Being Concise


Good writing does not waste time or words, but over and over, students seem to believe that the longer the word count is in the sentence, the better the sentence is. THIS IS NOT TRUE. Sure, some of the time, a more complicated sentence is, in fact, more informative or better, but any time you are inflating your sentences with empty words, you are coating your sentences in fluff.

People typically do deploy fluffy sentences in a transparent effort to make themselves sound smarter, following the fallacy that if a sentence has more words, it must be BETTER. Not true. If a word or phrase does not add anything, lose it. Here’s an example: A phrase that stinks of fluff, which you should eliminate from your writing in every instance, is “the fact that”. This phrase, and his mutant cousin, “Due to the fact that,” never add any meaning to their sentences. Just fluff. Instead of saying “The fact that his brother dies bothers Holden” could be “His brother’s death bothers Holden.”

Here are some fluffy sentences. Reduce them down as much as you can, without losing any clarity, and write how many words you used when you are done.
1.There will not be an attempt made to solve this problem, which is very difficult. (15 words)

2.This is not surprising when one considers the history of this movement. (12)

3.It is my speculation that the opponents of new historicism are still fighting a battle that they cannot possibly win. (20)

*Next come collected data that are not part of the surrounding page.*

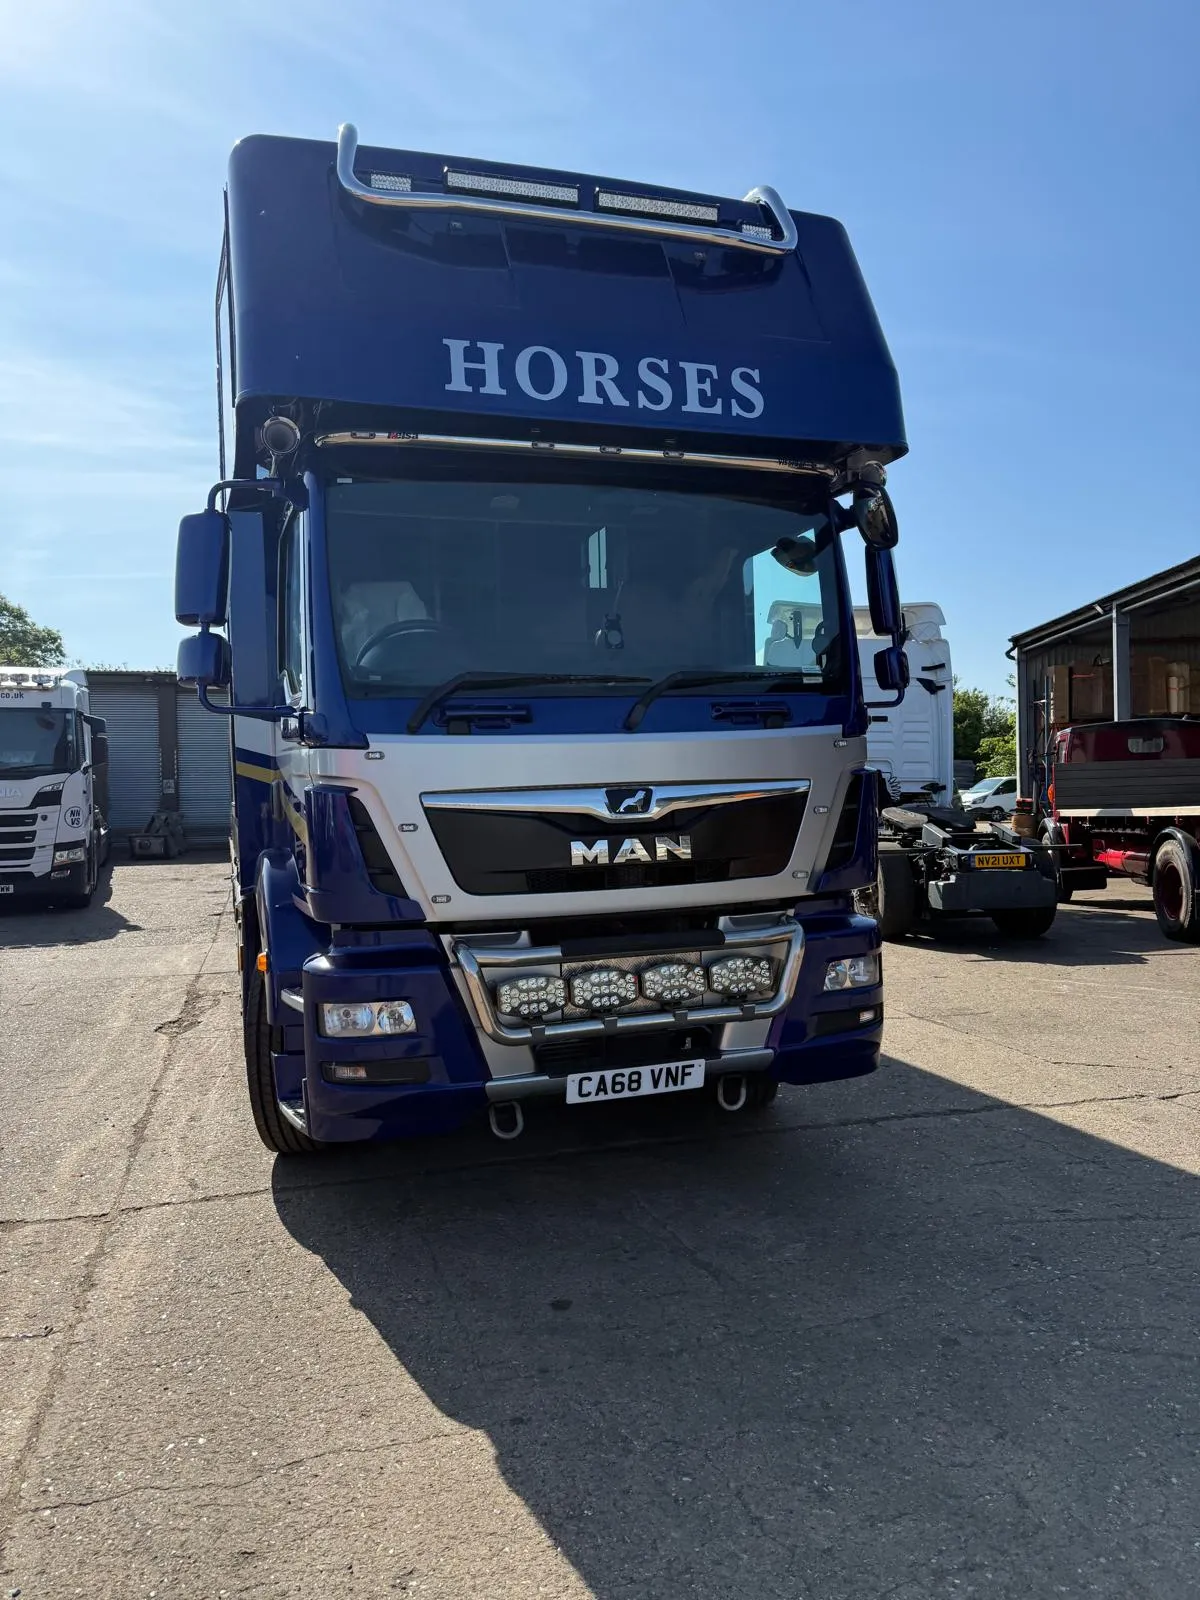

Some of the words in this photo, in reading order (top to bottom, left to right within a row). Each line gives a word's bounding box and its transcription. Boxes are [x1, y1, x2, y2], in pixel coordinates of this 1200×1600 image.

[442, 338, 765, 419] HORSES
[570, 835, 692, 866] MAN
[977, 855, 1000, 866] NV21
[1002, 855, 1021, 865] UXT
[577, 1070, 642, 1098] CA68
[650, 1063, 695, 1089] VNF

4.The survey was sent to faculty at all campuses of the Penn State University system. (15)

5.If patients are unable to decide for themselves regarding medical decisions, family members may express the patient’s wishes. (18)

6.Developed countries are receiving graduate students in increasing numbers every year from underdeveloped countries. (14)

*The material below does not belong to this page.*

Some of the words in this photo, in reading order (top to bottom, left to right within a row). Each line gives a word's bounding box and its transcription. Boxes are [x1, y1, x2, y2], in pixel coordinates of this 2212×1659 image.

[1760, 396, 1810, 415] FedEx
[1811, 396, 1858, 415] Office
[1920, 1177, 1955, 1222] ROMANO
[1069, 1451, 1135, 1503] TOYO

7.The author took part in the creation and implementation of the study and in particular in the design of the survey instrument. (22)


Get it out of your system for the last time. You hear me? THE LAST TIME. “Fluffify” the following sentences. Without adding any description or words worth reading, add as many words as possible. (For example = “The house is red” might become “The family residence could best be described as having a reddish hue.” But if you said, “The two-story run-down house is red,” then you have actually added material that enhances the original sentence.)

The cat ate the sandwich that I made. (8)

Nobody forgets Clara’s birthday. (4)

The Yankees lost the game. (5)

Many animals live in the park. (6)

She died. (2)
(make sure you are adding fluff and not rambling tangents)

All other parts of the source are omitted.